▼

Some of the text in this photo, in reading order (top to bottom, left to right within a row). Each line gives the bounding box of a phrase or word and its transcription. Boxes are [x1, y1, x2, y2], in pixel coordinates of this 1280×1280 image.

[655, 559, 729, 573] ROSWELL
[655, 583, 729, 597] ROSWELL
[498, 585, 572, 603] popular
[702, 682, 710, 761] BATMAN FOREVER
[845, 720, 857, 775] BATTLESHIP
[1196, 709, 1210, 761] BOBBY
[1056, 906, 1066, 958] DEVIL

▲

Go through the records and set every one down exactly.

▶ _Expected output_:
Some of the text in this photo, in reading order (top to bottom, left to right within a row). Each line gives the bounding box of a phrase or word and its transcription. Boxes are [x1, y1, x2, y2], in pixel coordinates of this 1280×1280 image.

[655, 559, 729, 573] ROSWELL
[655, 583, 729, 597] ROSWELL
[498, 585, 572, 603] popular
[702, 682, 710, 761] BATMAN FOREVER
[845, 720, 857, 775] BATTLESHIP
[1196, 709, 1210, 761] BOBBY
[1056, 906, 1066, 958] DEVIL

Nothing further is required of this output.